Jean Renoir, invece, apre il set all’imprevisto e concepisce l’immagine come coalescenza di piani diversi a confronto, tirando dentro lo spettatore come parte attiva, utilizzando il piano sequenza e la profondità di campo. Da Une partie de campagne a La Grande illusion ha creato una nuova concezione di spazio. Gabin, invece, è il volto del cinema francese prima dell’epoca dei divi anni ’60, l’eroe popolare e “il mio personale passaporto per capire il Fronte Popolare”. Un volto scultoreo e orgoglioso, che nei film di Renoir, Carnè, Duvivier incarna il sentire francese del pre e post Seconda Guerra Mondiale, il passaggio verso un mondo e verso un cinema (la Nouvelle Vague…) che non sarebbe più stato lo stesso. Da qui il passo verso Jean Pierre Melville e François Truffaut, Louis Malle e Claude Sautet (gli altri padri di Tavernier) è ormai breve.
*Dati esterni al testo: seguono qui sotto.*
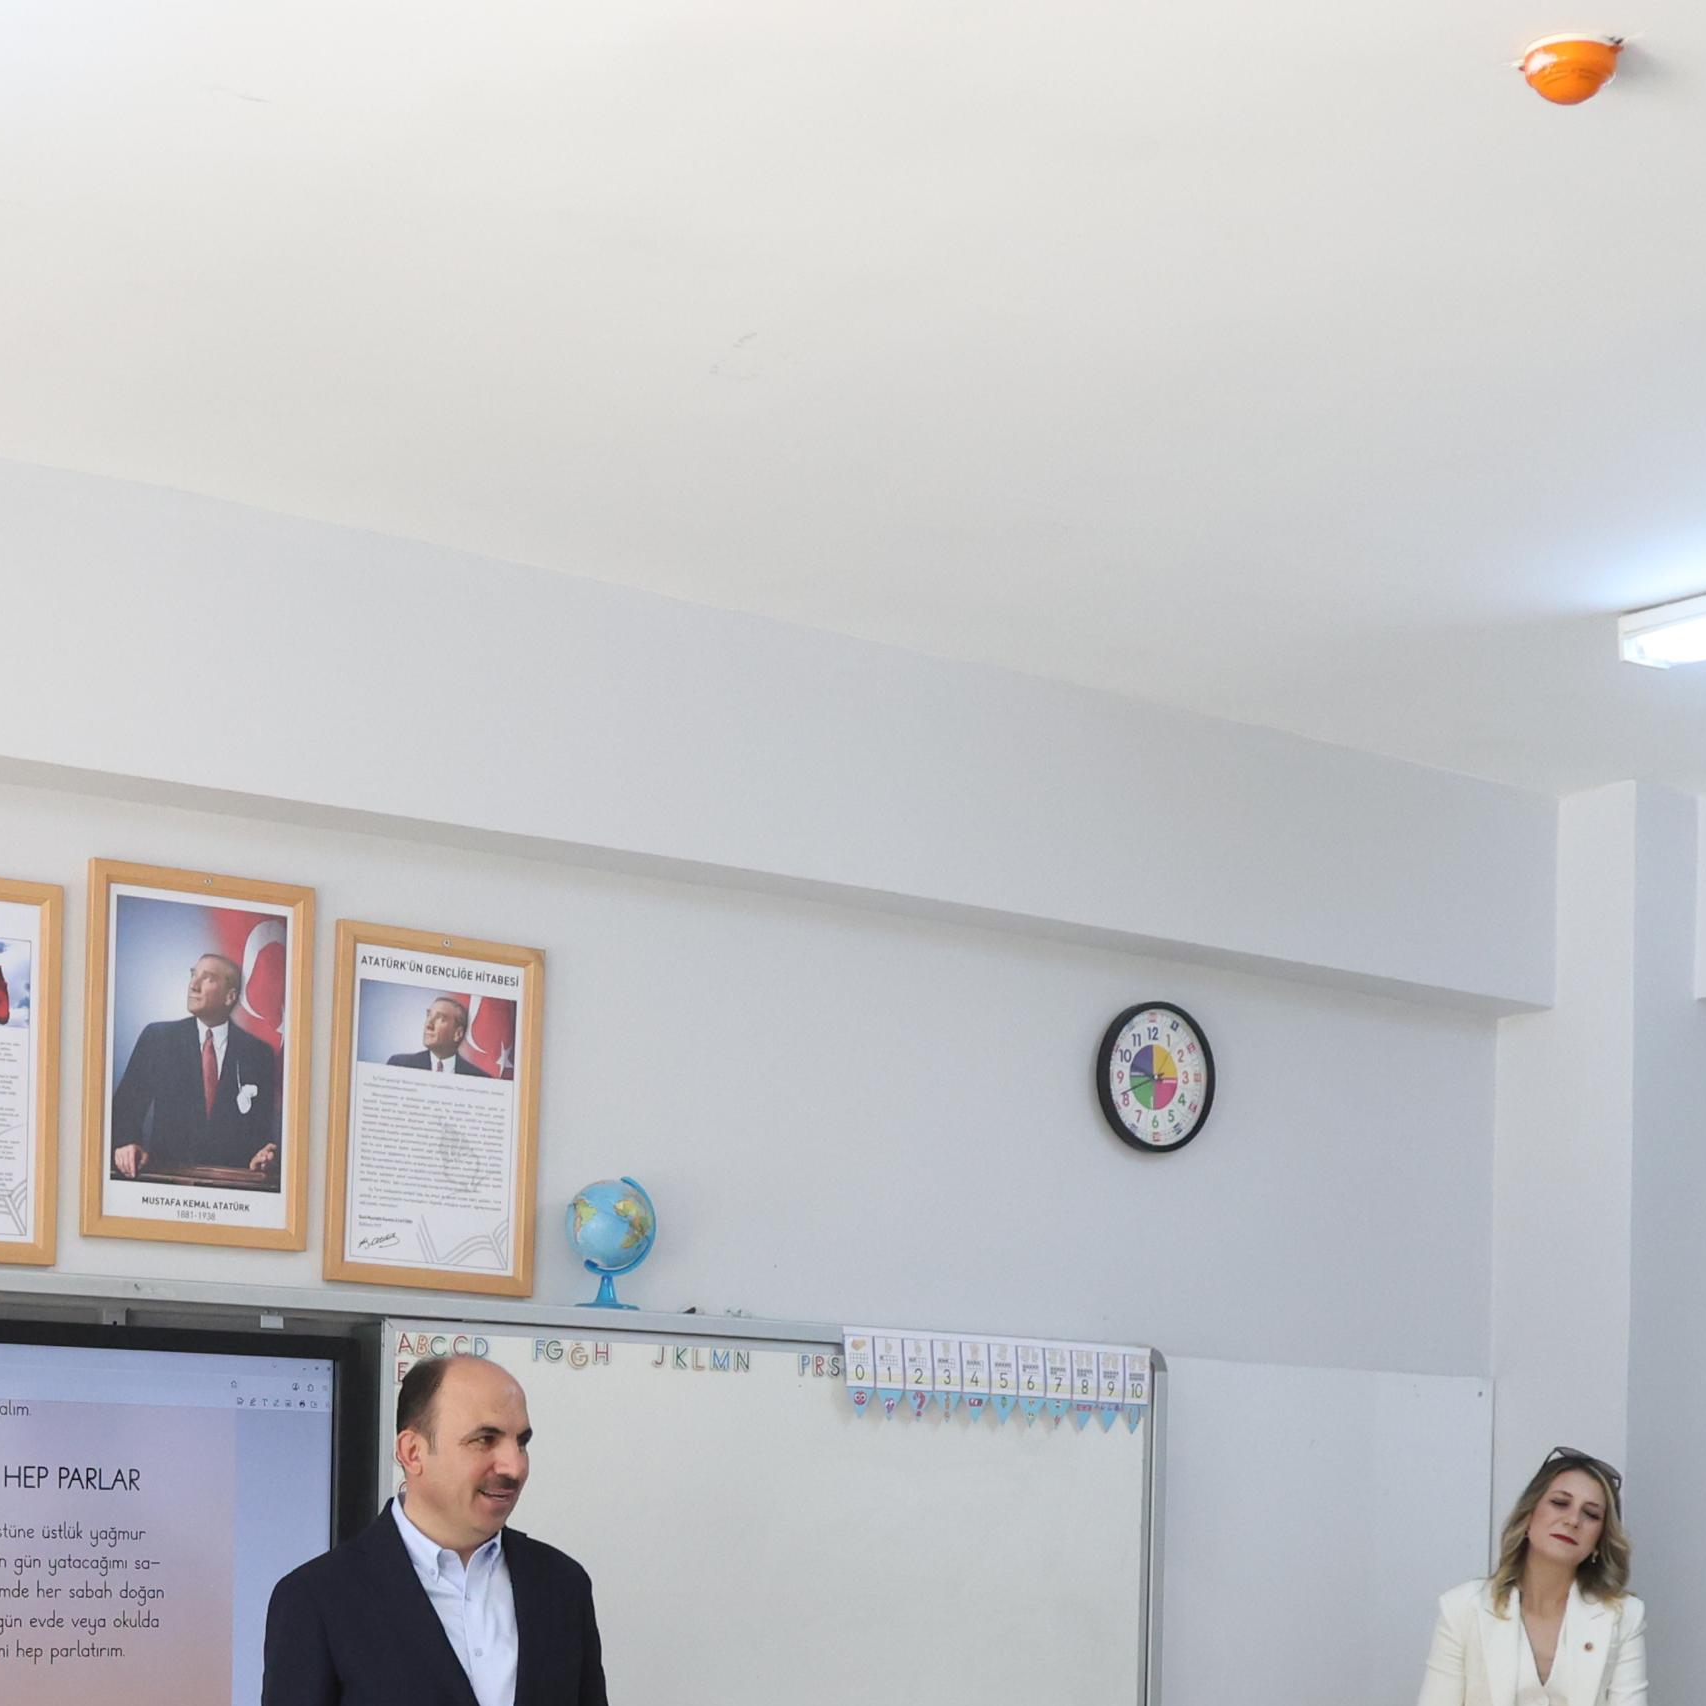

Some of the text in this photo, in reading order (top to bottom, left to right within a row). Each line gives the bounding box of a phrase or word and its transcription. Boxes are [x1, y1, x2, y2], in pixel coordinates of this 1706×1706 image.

[360, 955, 520, 988] ATATÜRK'ÜN GENÇLİĞE HİTABESİ
[1132, 1033, 1141, 1047] 11
[1147, 1027, 1159, 1040] 12
[1166, 1034, 1171, 1047] 1
[1120, 1050, 1132, 1063] 10
[1177, 1051, 1185, 1063] 2
[1117, 1071, 1124, 1084] 9
[1182, 1071, 1189, 1084] 3
[1121, 1093, 1130, 1107] 8
[1178, 1093, 1186, 1106] 4
[1136, 1110, 1142, 1123] 7
[1152, 1115, 1159, 1128] 6
[1168, 1110, 1175, 1123] 5
[141, 1196, 250, 1212] MUSTAFA KEMAL ATATÜRK
[176, 1210, 216, 1221] 1881-1938
[855, 1364, 1143, 1398] 0 1 2 3 4 5 6 7 8 9 10
[4, 1465, 49, 1488] HEP
[58, 1467, 140, 1491] PARLAR
[42, 1521, 83, 1539] üstlük
[90, 1527, 146, 1548] yağmur
[14, 1555, 41, 1576] gün
[48, 1554, 127, 1576] yatacağımı
[135, 1558, 161, 1570] sa-
[36, 1580, 62, 1599] her
[69, 1581, 112, 1599] sabah
[119, 1581, 165, 1606] doğan
[29, 1609, 64, 1628] evde
[71, 1618, 106, 1635] veya
[113, 1609, 159, 1628] okulda
[16, 1640, 43, 1664] hep
[50, 1640, 125, 1664] parlatırım.
Interviste rare, materiale d’archivio originale dai set (bellissimo quello trovato su Le Doulos di Melville), folgoranti analisi su singoli movimenti di macchina, ecc… insomma questo documentario è un montaggio di sentimenti. Non tenta (solo) di restituire uno spaccato storico, ma vuole far scoccare la scintilla moderna che cinema francese ha prodotto nel cuore del Novecento. Tavernier non analizza mai le sequenze come corpi-morti, rievoca solo passioni cogliendole in film-vivi: il suo è lo sguardo di un uomo di cinema che da dentro parla, vive e ci fa vivere un “viaggio personale”. Il viaggio dell’emozione.